Step 5: Serve and Enjoy
Ladle the pasta e fagioli into bowls, garnish with extra Parmesan and a drizzle of olive oil if you want. This dish is best enjoyed hot, with crusty bread or a simple green salad on the side.
Expert Tips & Tricks
I’ve made this recipe more times than I can count, and here are the game-changing tips I’ve learned along the way:
- Don’t rush the pancetta — Letting it crisp up slowly releases the fat that flavors the whole dish. Rushing this step means missing out on that richness.
- Use small pasta shapes — Ditalini, small elbows, or orzo work best for even cooking and perfect texture.
- Keep an eye on liquid levels — Because pasta cooks in the broth, you might need to add a splash of water or stock if it gets too thick before the pasta is done.
- Fresh herbs matter — Rosemary and thyme add layers of flavor that dried herbs can’t quite match. If you only have dried, add them early so they bloom.
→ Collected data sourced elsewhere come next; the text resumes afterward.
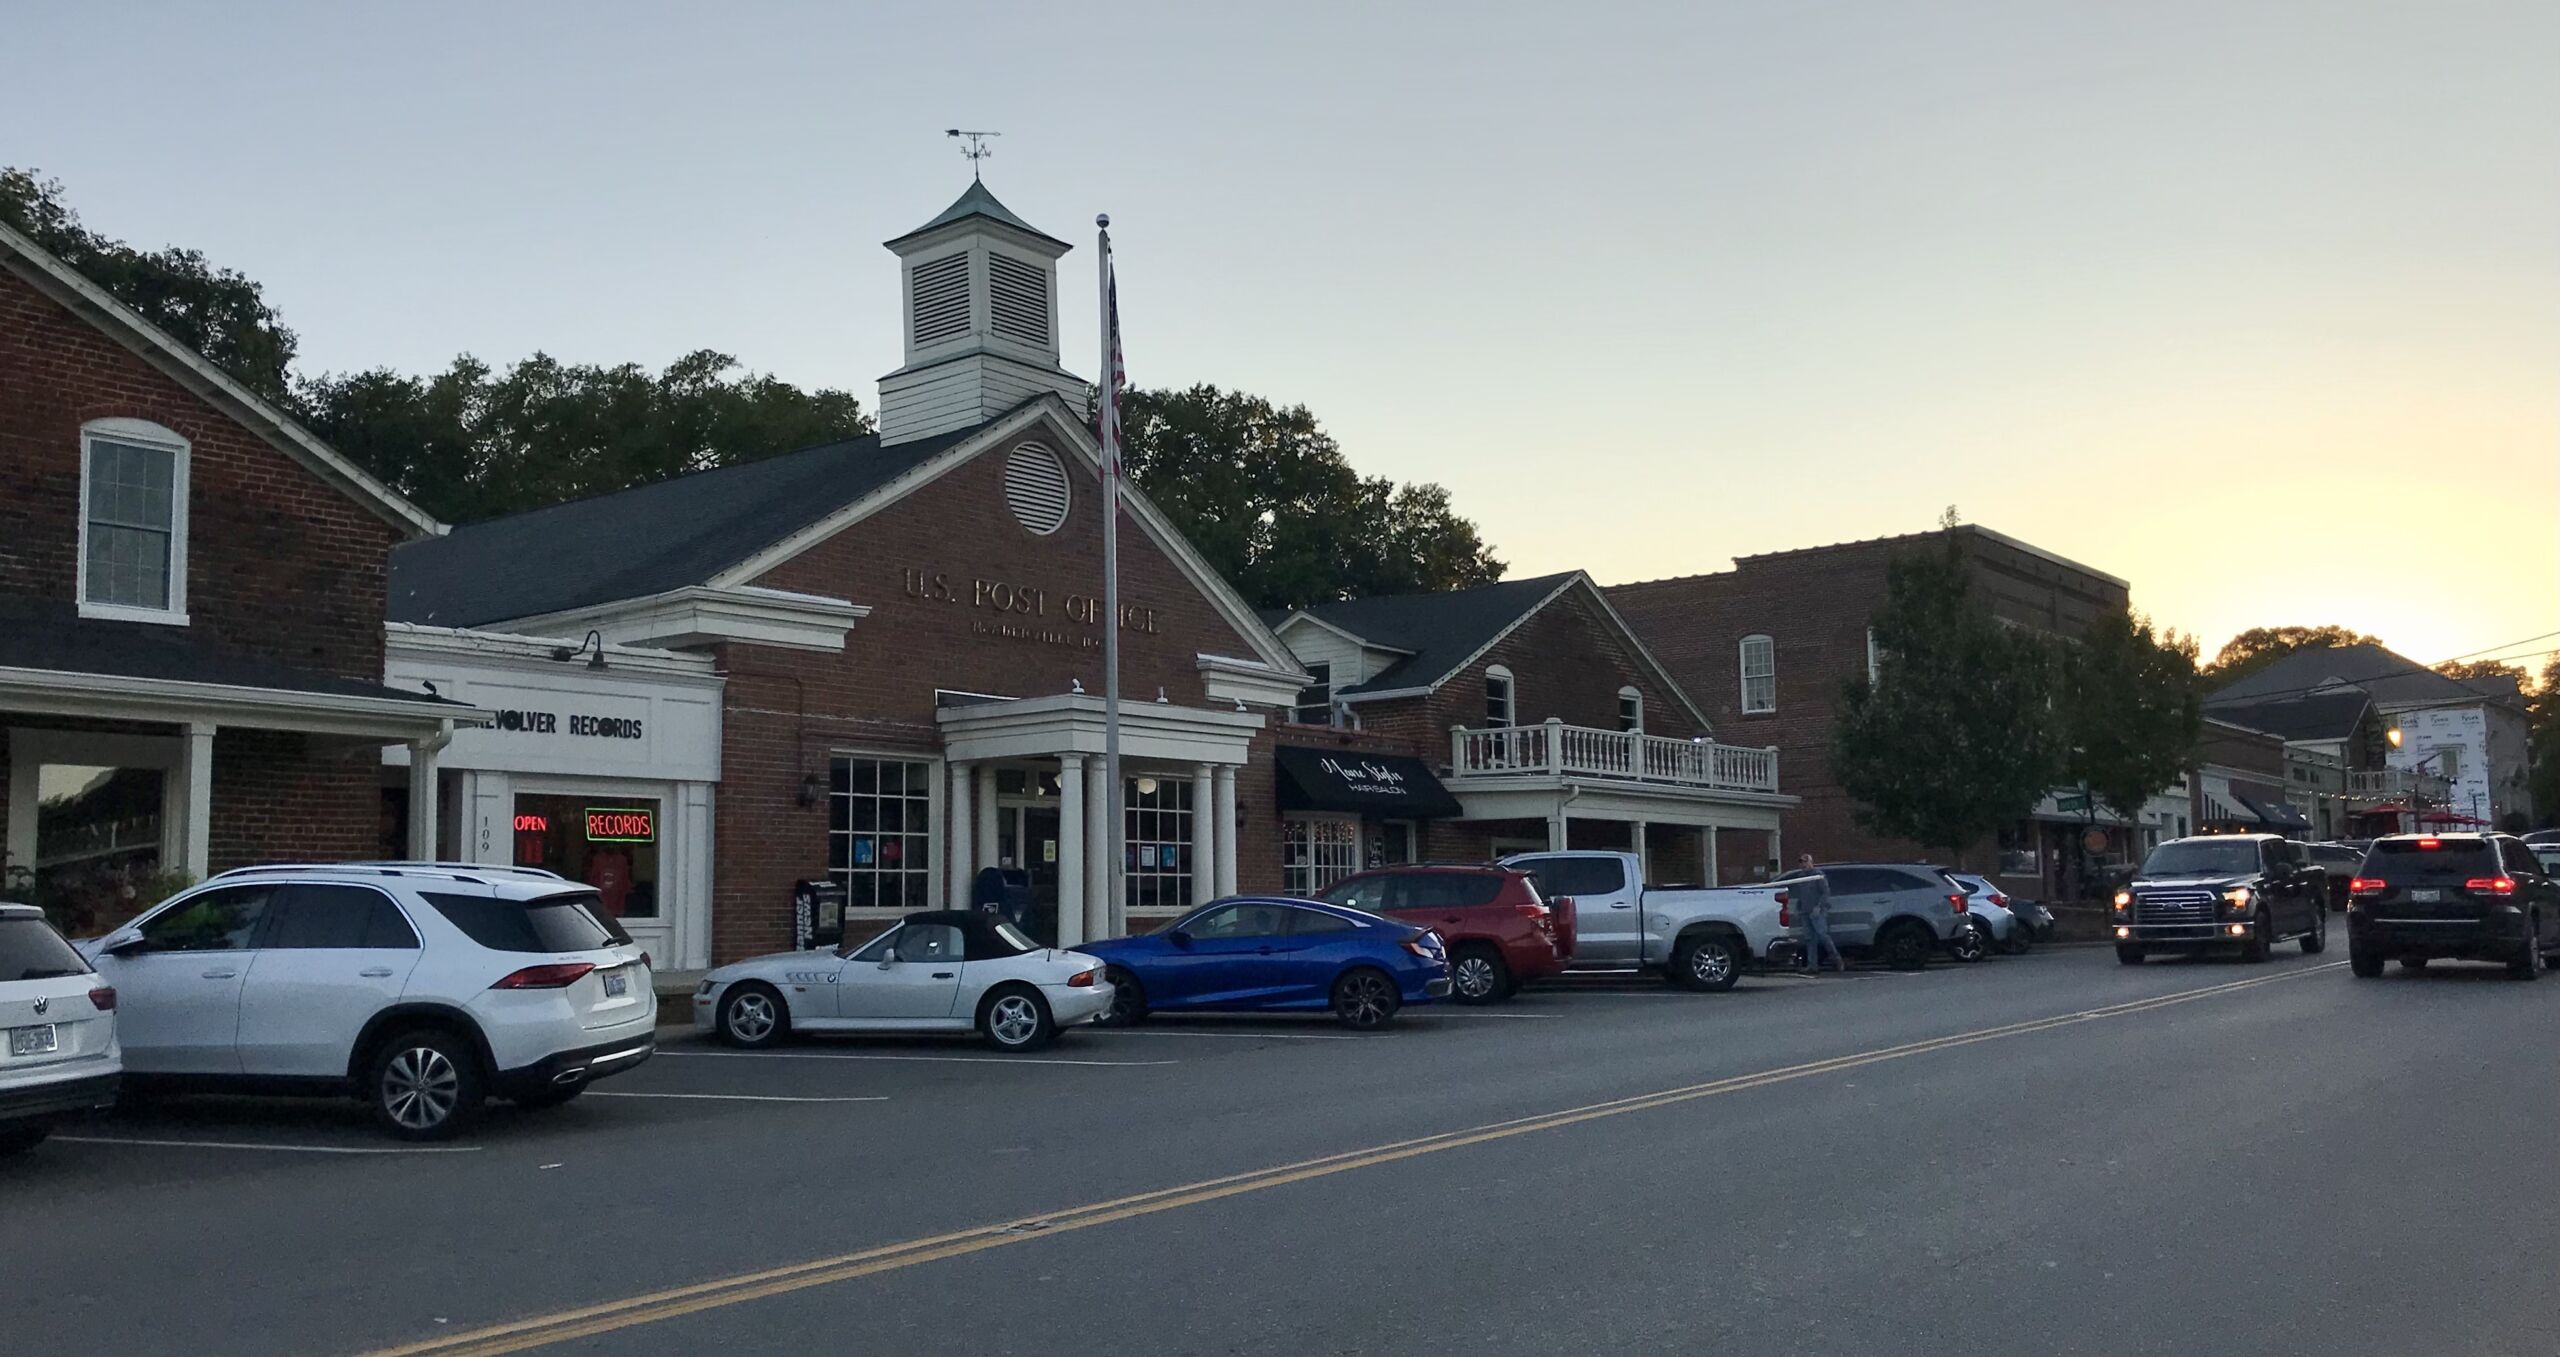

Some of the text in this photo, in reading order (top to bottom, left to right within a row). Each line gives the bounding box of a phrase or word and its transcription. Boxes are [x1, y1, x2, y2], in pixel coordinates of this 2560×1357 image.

[904, 569, 1161, 634] U.S. POST OFICE
[570, 714, 642, 739] RECORDS
[514, 815, 547, 832] OPEN
[588, 814, 651, 836] RECORDS
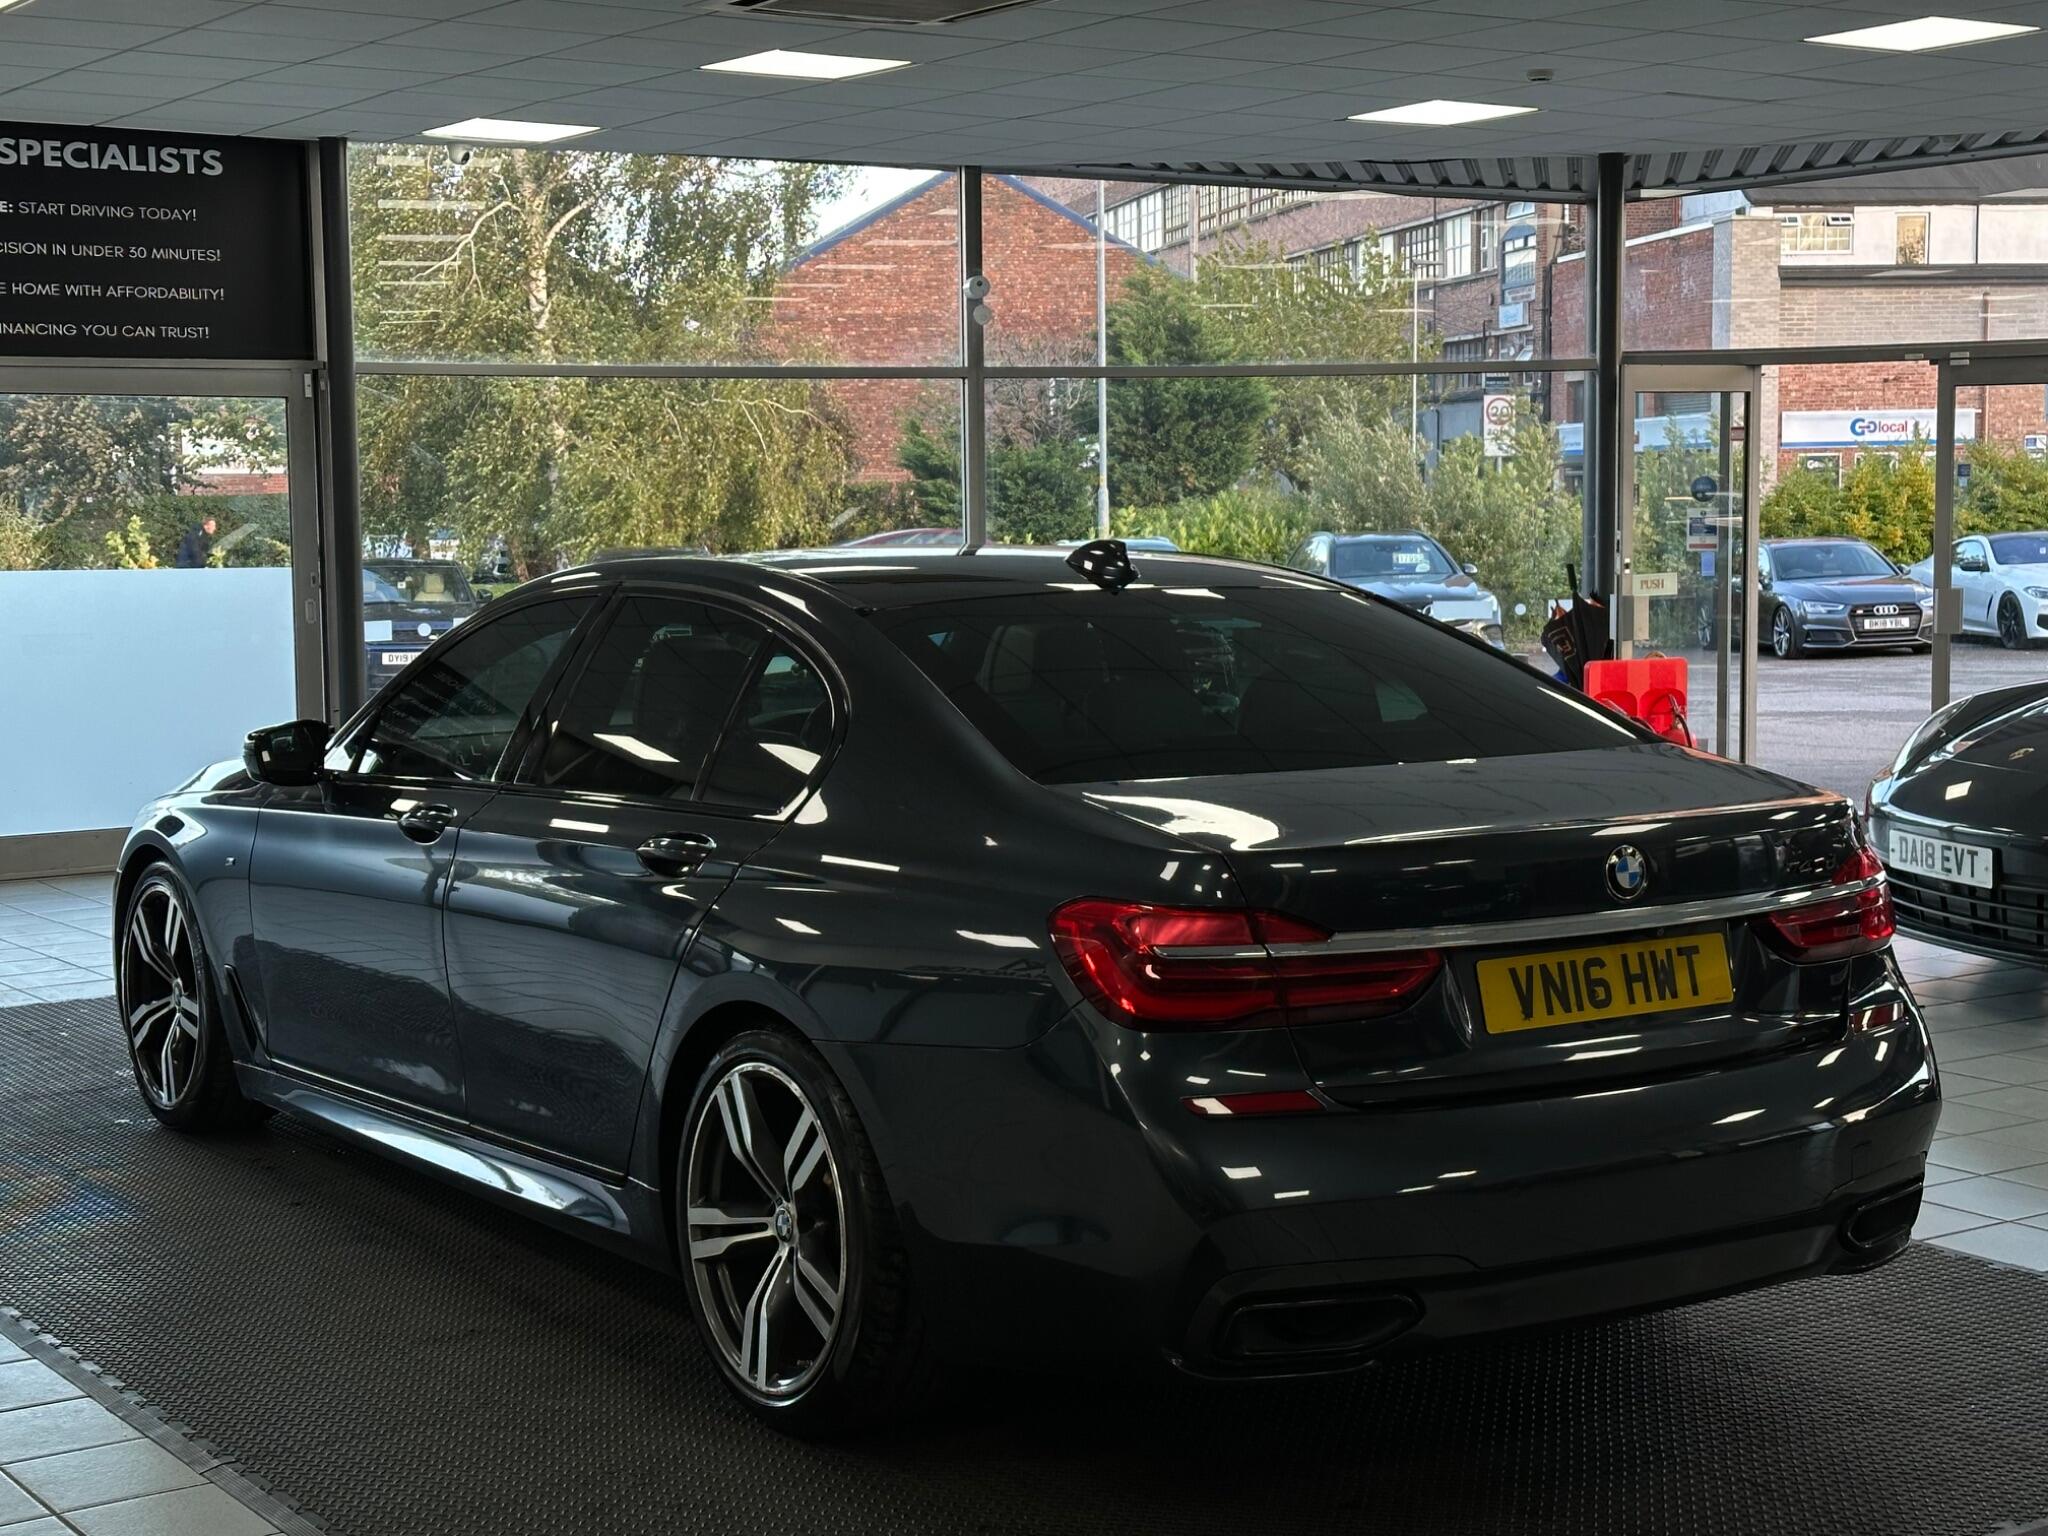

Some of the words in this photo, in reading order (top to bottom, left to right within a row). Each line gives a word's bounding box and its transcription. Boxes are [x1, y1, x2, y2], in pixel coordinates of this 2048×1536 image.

- Season gradually — The pancetta and broth add salt, so taste before adding more. You can always add more salt at the end.
- Leftovers reheat beautifully — Add a splash of broth or water when reheating to keep it creamy and avoid dryness.
Common mistakes I’ve seen:
- Sauce too watery: Usually means not enough simmering time. Let it reduce a bit before serving.
- Pasta undercooked: Be patient and check the pasta frequently after 8 minutes.
For a richer finish, try stirring in a tablespoon of butter just before serving—it adds a silky texture that’s irresistible.
Variations & Substitutions
Once you’ve mastered the classic, here’s how to switch things up based on what you have or prefer:
- Vegetarian version — Skip the pancetta and use vegetable broth. Add extra mushrooms or smoked paprika for a smoky flavor.
- Different beans — Cannellini beans work best, but great Northern beans or kidney beans are fine too.
- Gluten-free — Use gluten-free small pasta. The cooking time might vary slightly.
- Spicy kick — Add red pepper flakes or a dash of hot sauce to the pot while simmering.
- Veggie boost — Toss in chopped zucchini or bell peppers when adding the onion and carrot.
- Meatier — Add cooked Italian sausage or shredded rotisserie chicken when you add the pasta.
If you like dishes with a similar cozy vibe, you might enjoy my slow cooker creamy tomato basil gnocchi soup or the one-pan creamy dill salmon pasta. Both are simple, comforting, and perfect for busy nights.
Serving & Storage
This pasta e fagioli is best enjoyed fresh and hot, but here’s how to make the most of leftovers:
- Serving ideas: Pair with garlic bread or a crisp green salad dressed with lemon vinaigrette. I love serving mine with a light arugula salad tossed in olive oil and lemon.
- Storing: Keep leftovers in an airtight container in the fridge for up to 4 days. The pasta will soak up more broth, so the dish thickens.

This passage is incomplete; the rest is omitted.